Palliative Care Research Professor at UWA and Perron Institute Samar Aoun is encouraging communities and their Local Governments, to adopt a compassionate communities approach so they are better prepared to support people who are caring, dying, or grieving.
Research shows that only 5 per cent of a dying person’s time is spent with a health professional, while the other 95 per cent is spent with friends, families, colleagues, pets – their community. Sometimes alone.
Upskilling communities to support people at this time is necessary to build social connectedness and reduce isolation.
Prof Aoun, who was named 2023 WA Australian of the Year for her work in palliative care, chairs the South West Compassionate Communities Network and has researched this approach with the WA Country Health Service.
In a pilot program, 20 volunteers were trained to become Compassionate Communities Connectors, to help connect 43 families with people in their local communities.
The families’ social networks grew so that they had people helping with activities such as mowing the lawn, taking them to appointments and simply chatting over a cuppa.
In addition, there were savings to the health system in terms of reduced hospital admissions and length of stay.
Following the trial, Prof Aoun has worked with community groups and the Local Government in Bunbury, where she has lived since moving to Australia 30 years ago, to develop a Compassionate City Charter.
The Charter guides and encourages individual consumers, service providers, businesses, schools, community groups and clubs, to work together to create a more compassionate Bunbury.

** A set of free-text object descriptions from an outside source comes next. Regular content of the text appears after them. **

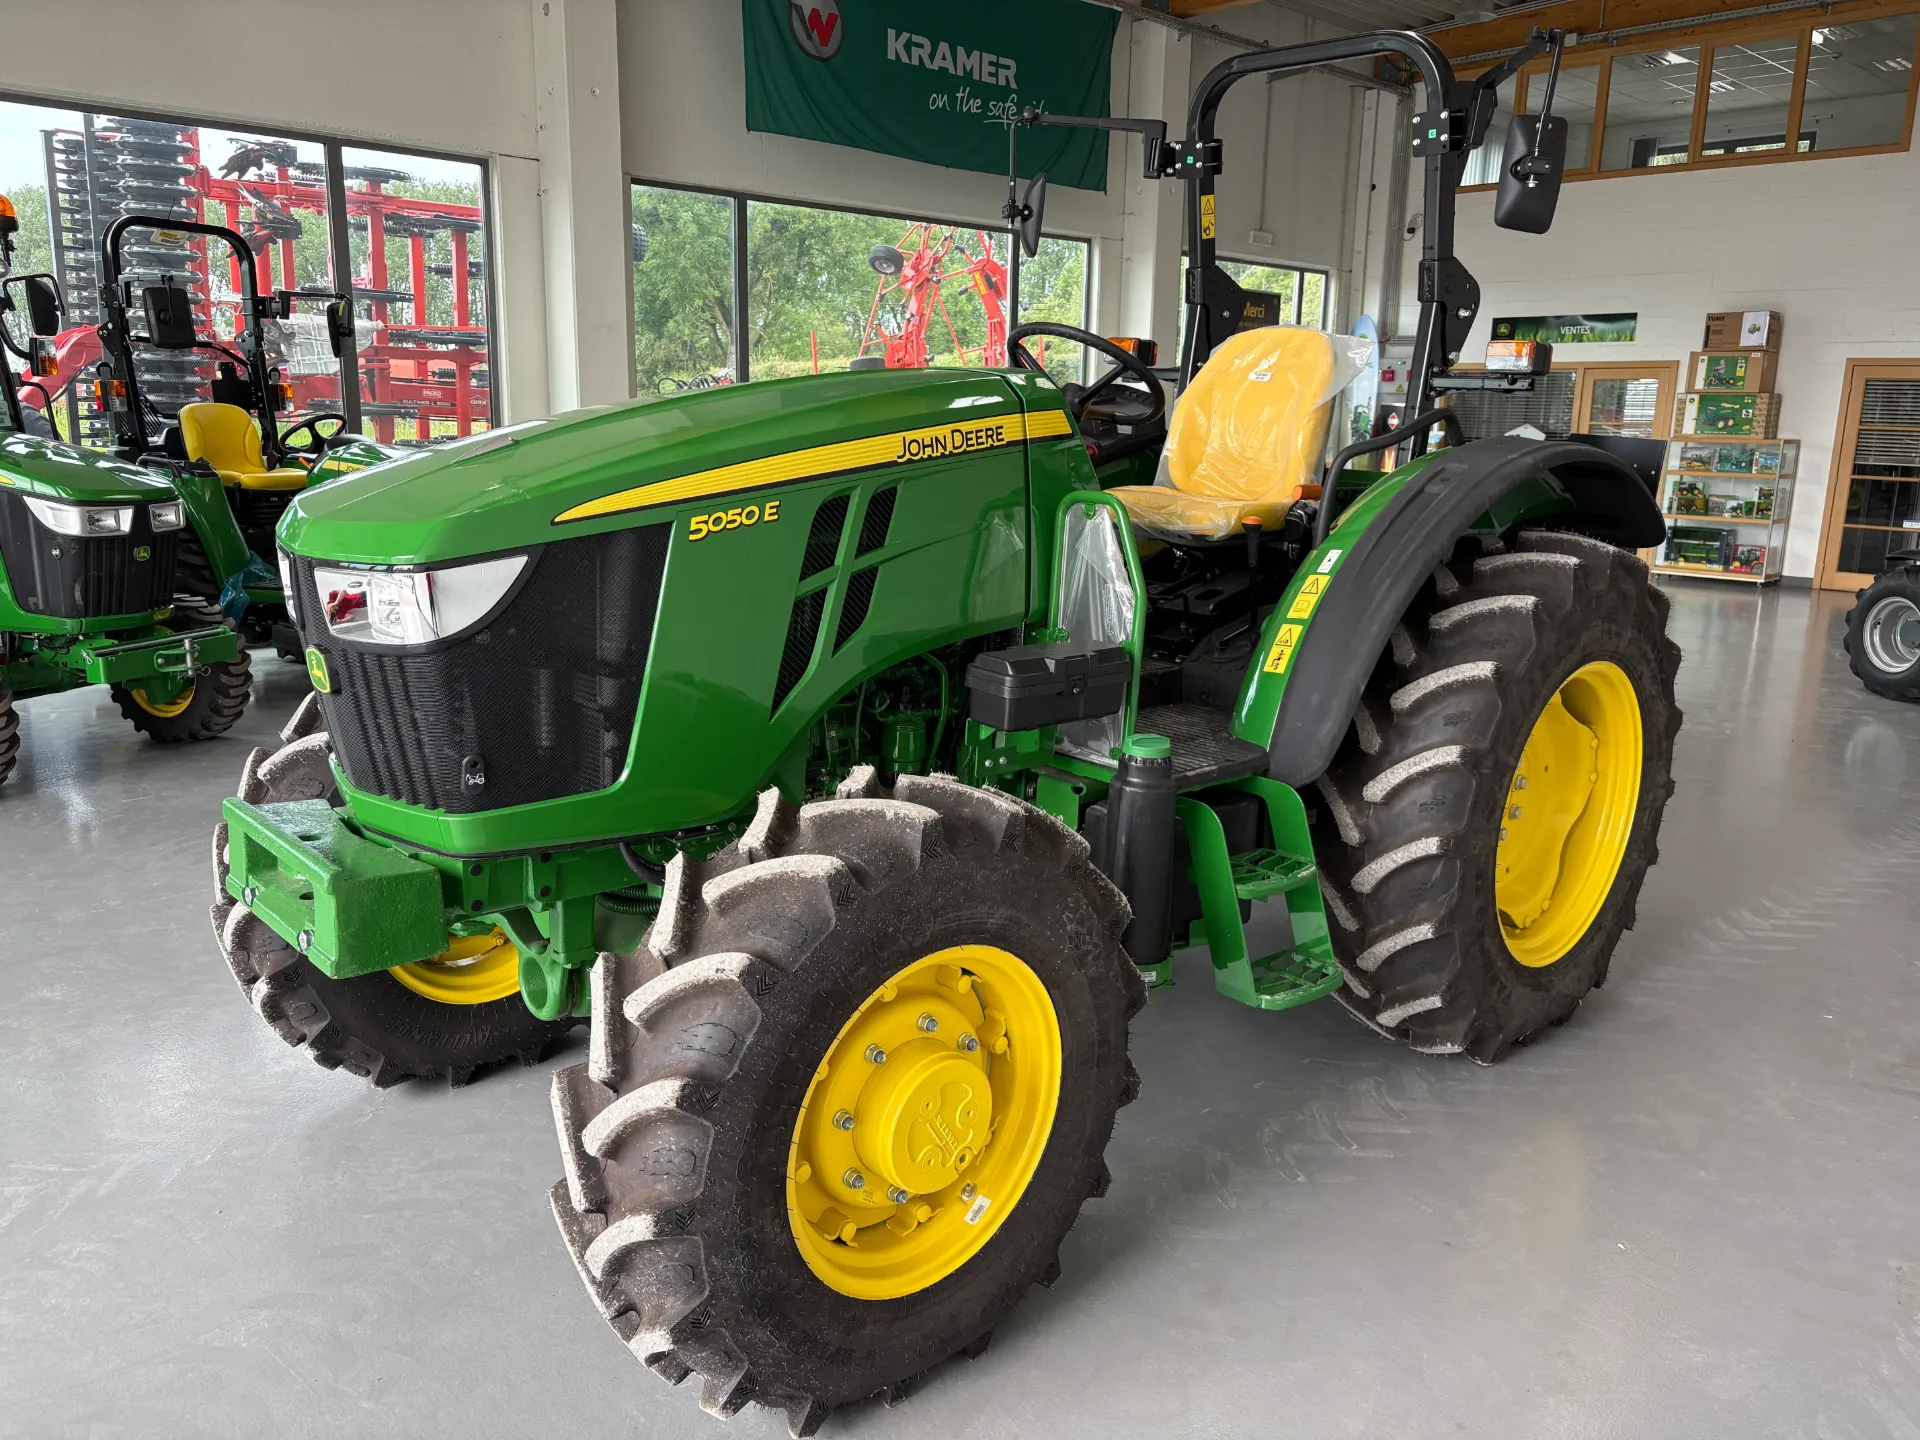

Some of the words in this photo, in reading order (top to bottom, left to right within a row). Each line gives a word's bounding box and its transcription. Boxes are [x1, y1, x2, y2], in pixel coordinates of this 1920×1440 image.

[887, 28, 1018, 89] KRAMER
[929, 93, 951, 111] on
[956, 86, 982, 113] the
[987, 94, 1018, 130] safe
[1560, 325, 1591, 335] VENTES
[896, 436, 949, 460] JOHN
[951, 425, 1005, 451] DEERE
[688, 505, 761, 541] 5050
[764, 500, 781, 522] E
[940, 1122, 959, 1152] LEVEL

A Bunbury, that is resilient, responsive and understands the need for community support to get through difficult times.
All LGAs are encouraged to develop a compassionate charter and leverage off the work done so far.
For the Compassionate Connectors Program to be rolled out, communities need to be prepared and the charter can aid in this.
Prof Aoun is motivated by her own experience when she was grieving for her father, which she has said went unacknowledged by her former colleagues, simply because people do not know what to say or do in these circumstances.
“We need to bear in mind that social isolation or loneliness is going to be the biggest killer for our aging population, and we’re all going that way if we don’t start thinking in a more socially connected way,” she said.
“Death, dying, grief and loss belong to the community – they are not medical events, but social events.
“We need to encourage those who are experiencing these events to ask for help. In this way they are up-skilling the community to help them and benefiting others in the same situation.
“It’s about building the capacity of the community to help each other – Local Governments have an important role in achieving this.”